¿En qué consiste la psicología de la confianza?

La psicología de la confianza se basa en la afirmación de que muchas veces un “te creo” vale más que un “te quiero”. “El te creo y confío en vos” tiene más valor para muchos de nosotros que un “te quiero”. Al fin y al cabo el amor se pierde en palabras cuando no se acompaña de actos significativos que los validen, que refuercen el vínculo mediante el cuidado y la atención. Por eso, pocas frases pueden resultar más valiosas que un “te creo y estoy con vos, estoy de tu lado, y tenés mi apoyo”.

Todas estas dinámicas relacionales y afectivas se engloban en lo que hoy conocemos como “psicología de la confianza”. Esta es una nueva disciplina que lleva años estudiándose, como se construyen los vínculos desde este modo. Pocas cosas impactan tan positivamente en nuestro cerebro como percibir que contamos con el apoyo incondicional de las personas que amamos.

El confiar en las personas que amamos tiene un poder que refuerza positivamente hacia el apego, acercándonos más hacia esa persona. Nuestro instinto de supervivencia, sistema límbico, así lo posibilita. Si esto no ocurre, si en un momento dado percibimos una falta de sintonía o un vacío a la hora de contar con ese apoyo, algo empieza a romperse en nuestro interior.
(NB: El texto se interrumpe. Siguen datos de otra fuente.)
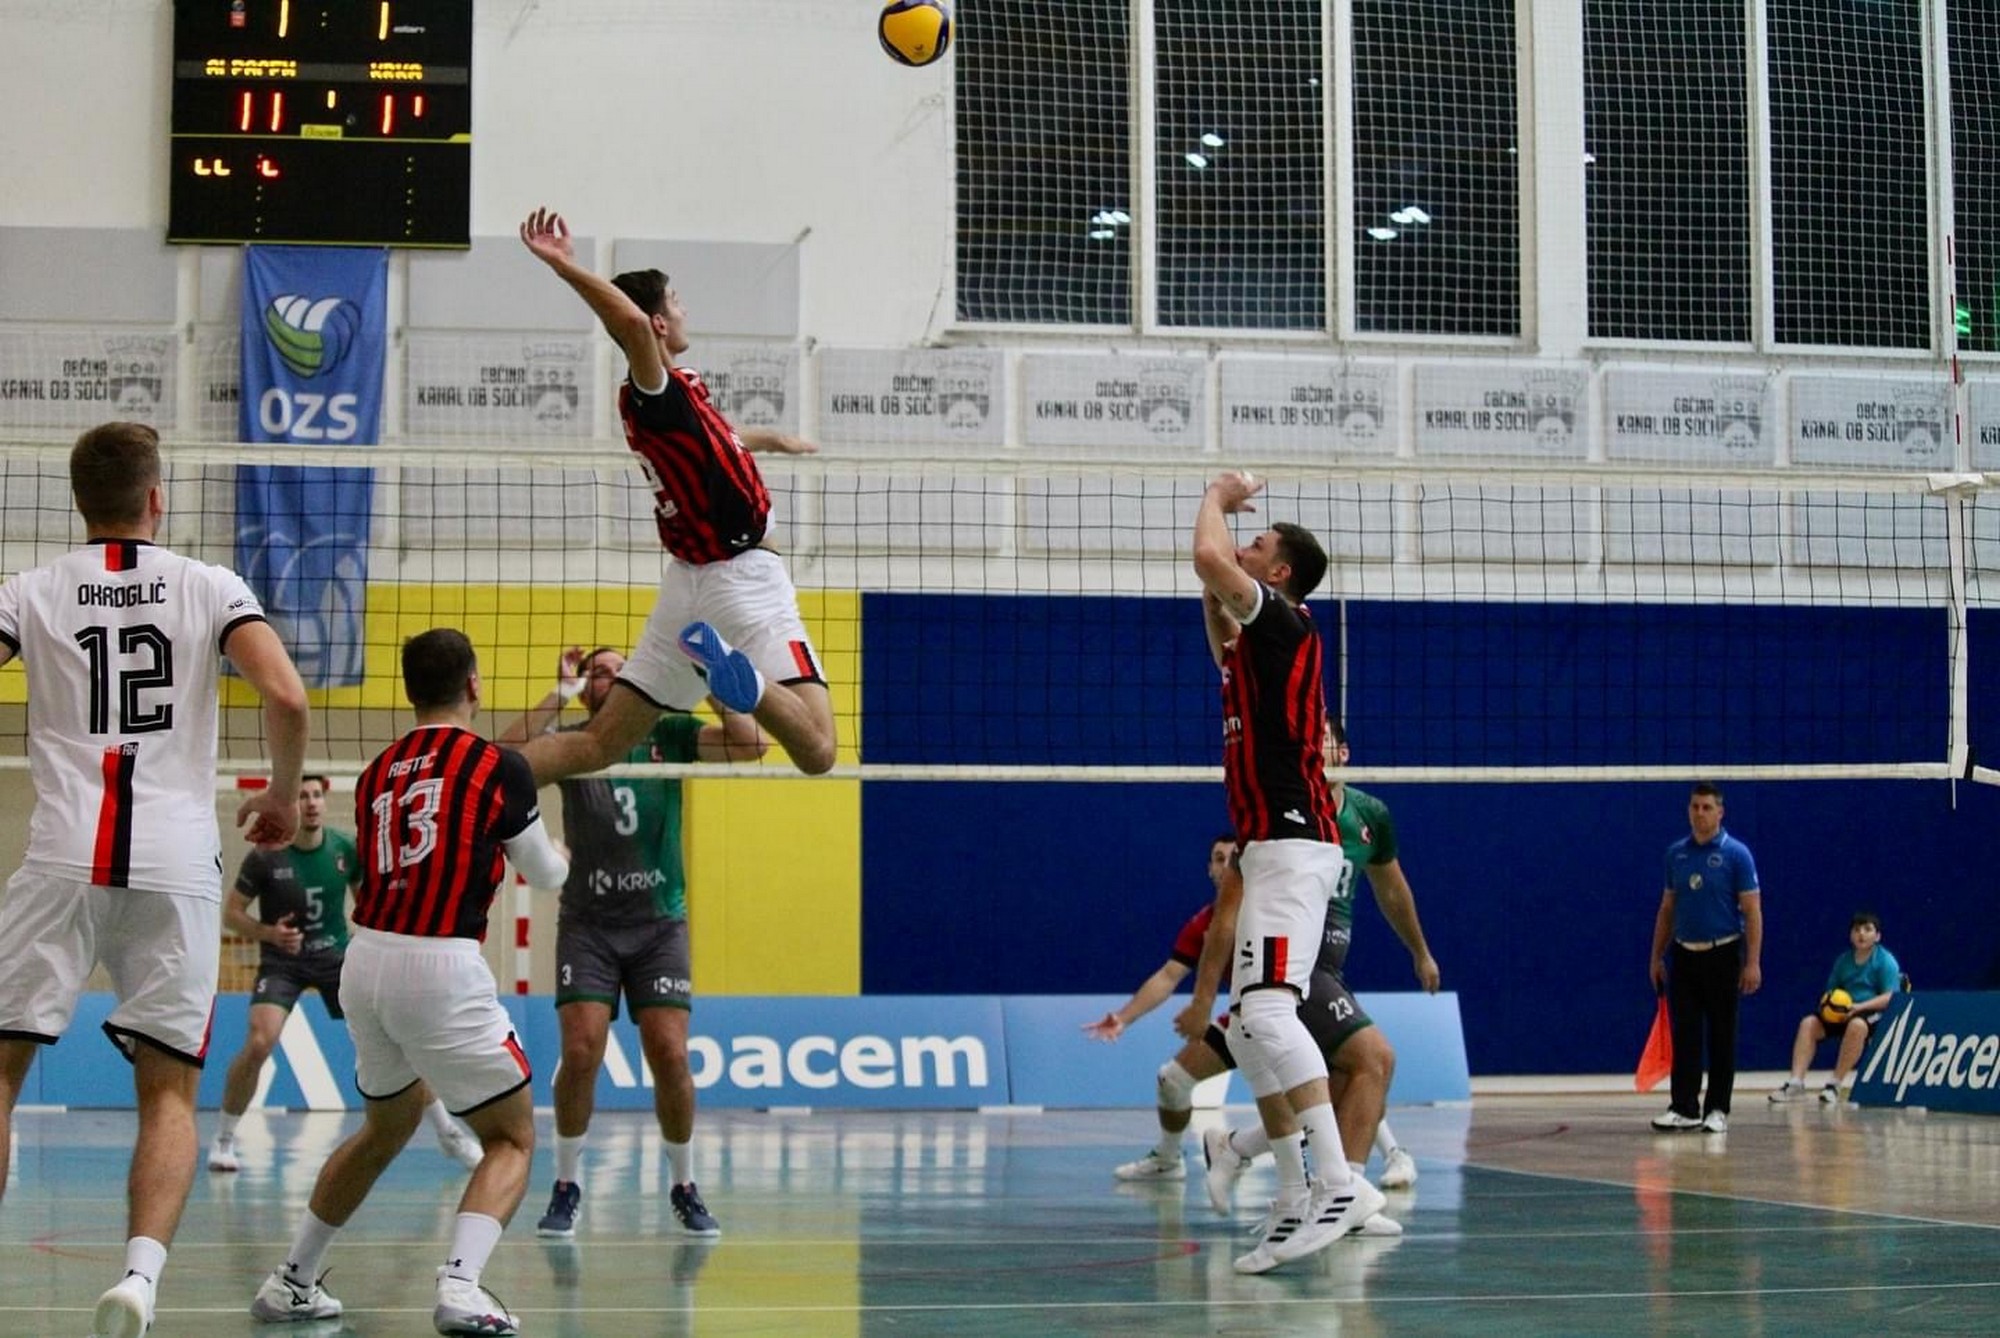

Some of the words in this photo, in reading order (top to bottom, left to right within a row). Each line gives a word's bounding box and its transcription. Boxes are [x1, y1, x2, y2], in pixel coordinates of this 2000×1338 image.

[260, 388, 357, 440] OZS
[1801, 420, 1842, 439] KANAL
[1846, 422, 1863, 441] OB
[78, 576, 166, 608] OKROGLIČ
[74, 624, 173, 734] 12
[371, 778, 444, 875] 13
[614, 786, 639, 836] 3
[617, 869, 667, 892] KRKA
[305, 887, 324, 921] 5
[562, 964, 572, 986] 3
[1328, 997, 1354, 1022] 23
[1861, 998, 2000, 1102] Alpace
Queremos ser creídos cuando hablamos de metas que vamos cumplir, cuando comentamos que ciertas cosas no van bien, cuando decimos en voz alta que vamos a superarnos. Cuando esto no sucede, si quien tenemos en frente ironiza, nos ignora o duda de nosotros, nuestro cerebro empieza a liberar cortisol. Aparece la hormona del estrés casi como en un resorte avisándonos de que algo no va bien.

La confianza no solo es básica en las relaciones de pareja, pensemos sino en las relaciones con nuestros hijos, o cuando algún profesor confiaba en nosotros que íbamos a poder. En el medio laboral es imprescindible, algo que sin embargo, muchas empresas aún no tienen en cuenta o no han percibido.
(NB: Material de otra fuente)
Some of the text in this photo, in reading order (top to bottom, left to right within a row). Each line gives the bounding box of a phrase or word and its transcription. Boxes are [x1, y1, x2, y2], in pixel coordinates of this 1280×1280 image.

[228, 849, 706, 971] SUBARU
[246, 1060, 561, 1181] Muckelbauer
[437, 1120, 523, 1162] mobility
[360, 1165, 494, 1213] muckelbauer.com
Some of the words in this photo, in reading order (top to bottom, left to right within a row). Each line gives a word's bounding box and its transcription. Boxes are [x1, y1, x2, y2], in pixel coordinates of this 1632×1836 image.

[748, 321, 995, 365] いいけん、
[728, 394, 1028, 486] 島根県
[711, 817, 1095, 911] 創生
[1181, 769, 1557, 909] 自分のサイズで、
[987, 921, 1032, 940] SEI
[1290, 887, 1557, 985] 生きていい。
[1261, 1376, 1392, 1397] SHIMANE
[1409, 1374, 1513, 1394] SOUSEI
“Un te creo” vale mucho más que un discurso, es un refuerzo positivo que nos confiere capacidades que hasta en nosotros mismos no creímos ser capaces. En el área laboral se lo nombra como empoderamiento.

Por ejemplo, el CEO de Yahoo exige que todos sus empleados trabajen en un mismo bloque de edificios, desea supervisar cada proceso de cerca y que todos los departamentos sigan una misma línea codo con codo.

Algo que en un principio puede parecernos lógico, tiene a nivel psicológico varios matices. Un enfoque opuesto es el de Richard Brandson, fundador de Virgin Group. En su caso, “yo confío en tus capacidades y en tu compromiso estés donde estés, yo te creo cuando me dices que vas a hacer lo mejor por esta empresa”.

Un “te creo” aleja los miedos y las tensiones cuando nos sentimos perdidos. Nos hace sentirnos menos solos y, a veces, hasta nos emociona mucho más que un “te quiero”. Empáticamente en ese instante sentimos el momento preciso donde el otro puede ponerse en nuestros zapatos, que siente lo que nosotros mismos sentimos. El nivel de oxitocina que segrega el cerebro es único, instante mágico si lo hay.

La oxitocina, es la hormona del cariño, la felicidad y, en última instancia, de la conectividad social. El contar a diario con ese tipo de apoyo da forma a un tipo de comportamiento prosocial que garantiza nuestro bienestar psicológico y una mejor salud mental. Contar con el apoyo de los nuestros ha sido desde siempre clave para nuestra supervivencia.

La confianza no es algo que se da por sentado cuando queremos a alguien o cuando tenemos una relación de amistad, de trabajo o afectiva. La confianza exige voluntad y trabajo diario, es la esencia de un compromiso basado en la convicción. Necesitar que los demás confíen en nuestra valía o en la veracidad de nuestros actos o palabras no nos convertirá en seres dependientes de la reafirmación ajena. Es un pilar básico en toda relación. Lo necesita el niño de sus padres para crecer y ganar en autonomía, autoestima y seguridad. Lo necesitan los dos miembros de esa pareja para afianzar la relación, para ganar en estabilidad y también en felicidad.

En el otro lado de la vara se encuentran las patologías que se movilizan en las aguas de la no confianza, la paranoia, delirio celotipico o la depresión.